Xinjiang has been beset by ethnic conflict and a sometimes-violent separatist movement by Uighurs, a largely Muslim ethnic group that sees Xinjiang as its homeland. Many Uighurs say they have been marginalized as more majority Han Chinese move into the region.
The statement called the latest violence a “premeditated terrorist attack.”
Xinhua news agency said that the local government issued arrest warrants yesterday for two local ethnic Uighurs, who allegedly fled the scene.
Sunday’s violence followed a day of clashes in the same Silk Road city that killed seven people and injured 22.
It was unclear who started the clashes. However, an overseas ethnic activist group said it feared the violence could prompt a new crackdown on minority Uighurs blamed for previous violence in the region.
Dilxat Raxit, spokesman for the German-based World Uyghur Congress, which advocates a nonviolent approach, said that frustration was forcing Uighurs to take to the streets.
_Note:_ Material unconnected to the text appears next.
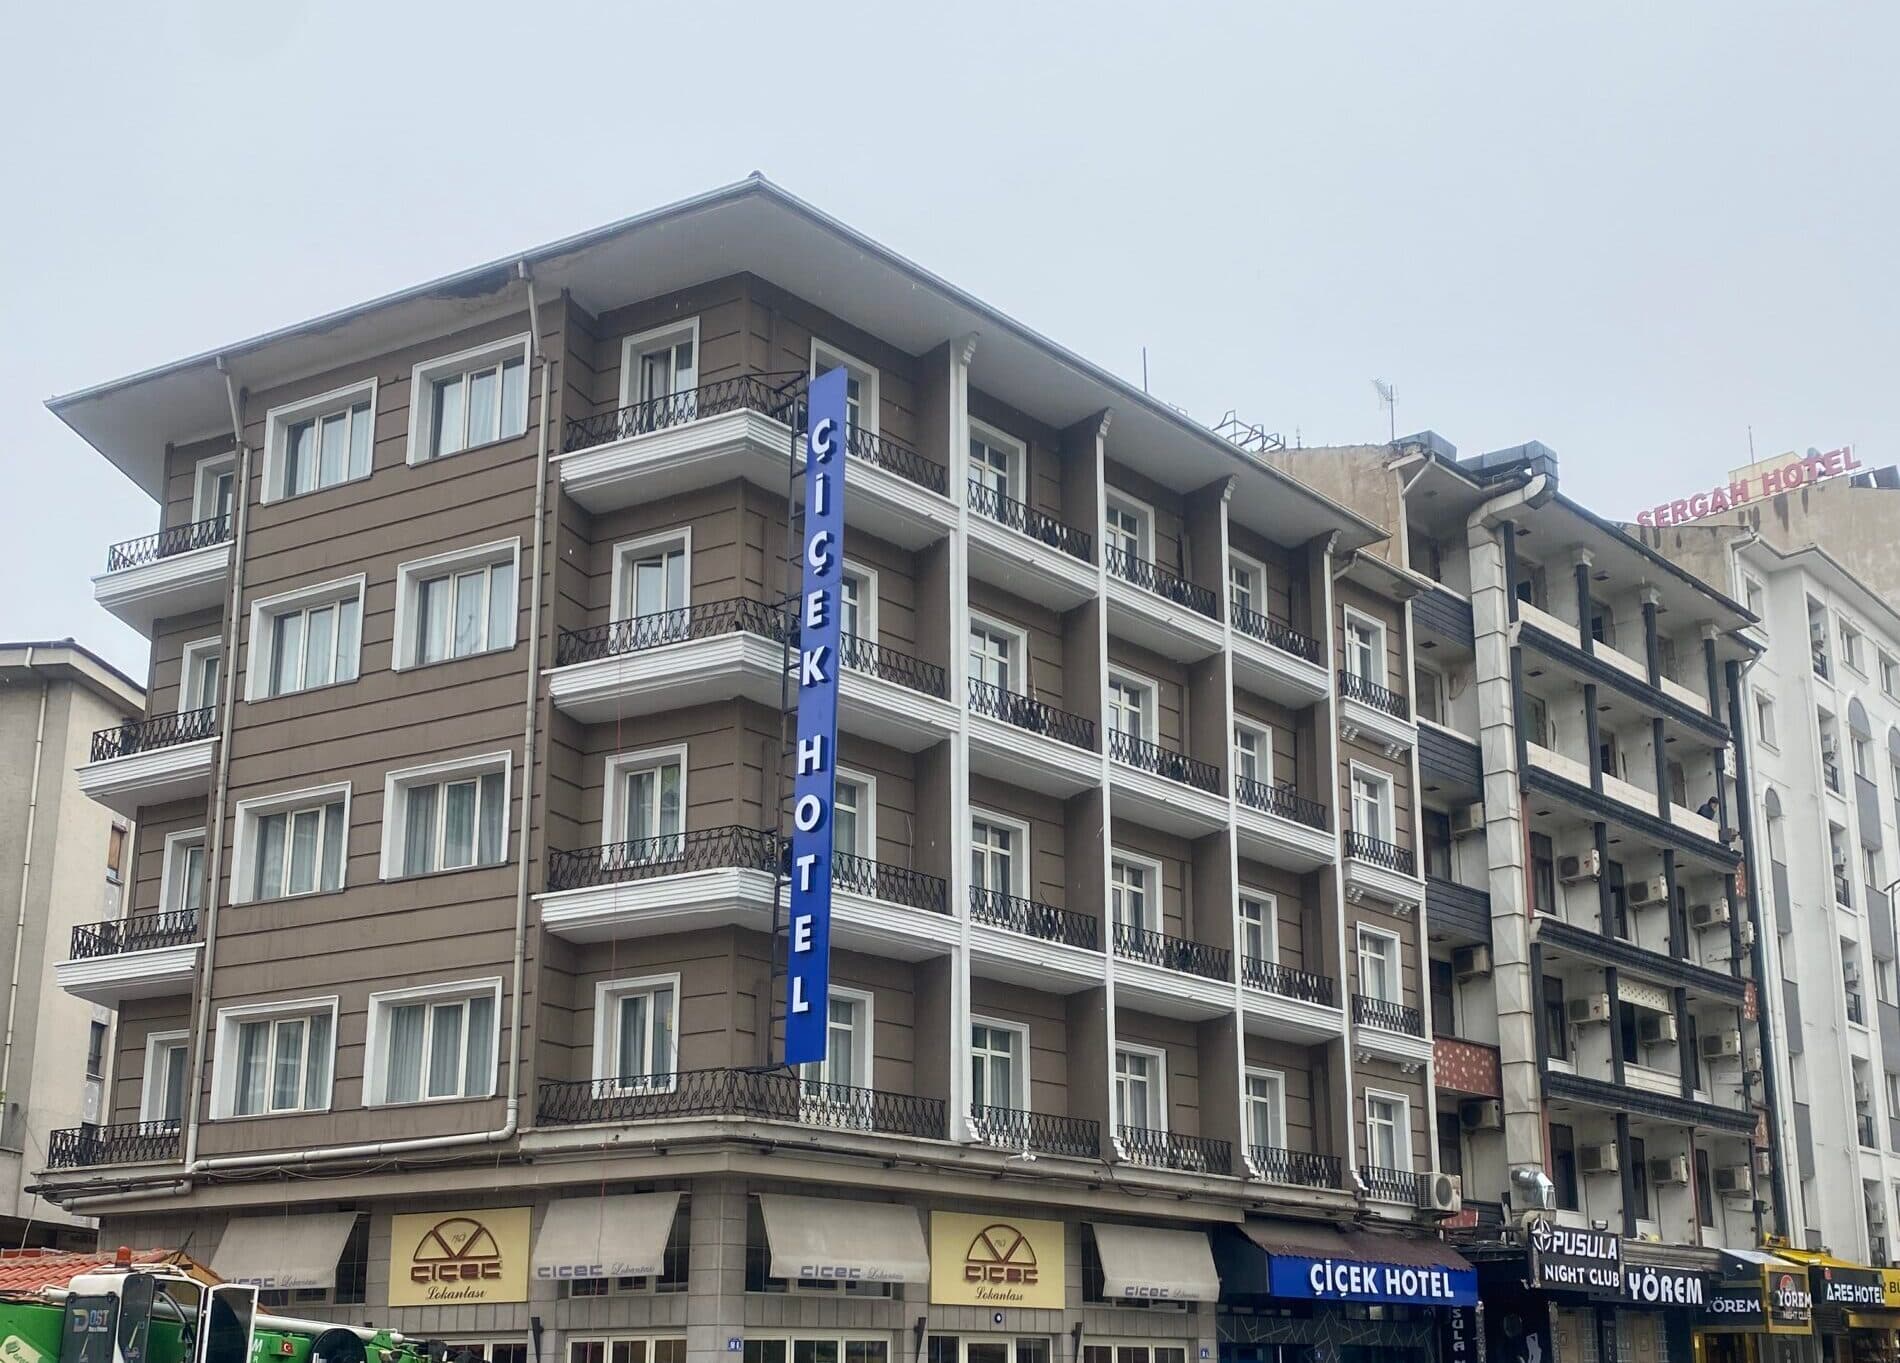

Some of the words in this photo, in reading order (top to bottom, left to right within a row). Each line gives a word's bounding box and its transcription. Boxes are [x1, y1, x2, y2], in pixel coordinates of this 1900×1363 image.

“Uighurs have no peaceful way to oppose the Chinese government, so some have taken to extreme measures. It is unthinkable, but it is the reality, and Beijing should take responsibility to deal with these issues,” he said from Sweden, where he is based.
China defends its treatment of minorities, saying all ethnic groups in the country are treated equally and that tens of billions of dollars in investment and aid have dramatically raised living standards.
Police patrolled Kashgar yesterday, but locals said it was a sight they were used to. There is usually a strong security presence in Xinjiang’s main cities.
“I took a bus to work as usual this morning and saw police armed with rods patrolling the streets,” said a woman at Hua-an International Travel Service, who only gave her surname, Zhao. “Seven or eight of them were in a group, but the police patrol the streets everyday. I didn’t see there was a big difference today.”
Another woman at Kashgar International Travel Service said she saw a report about the violence on TV.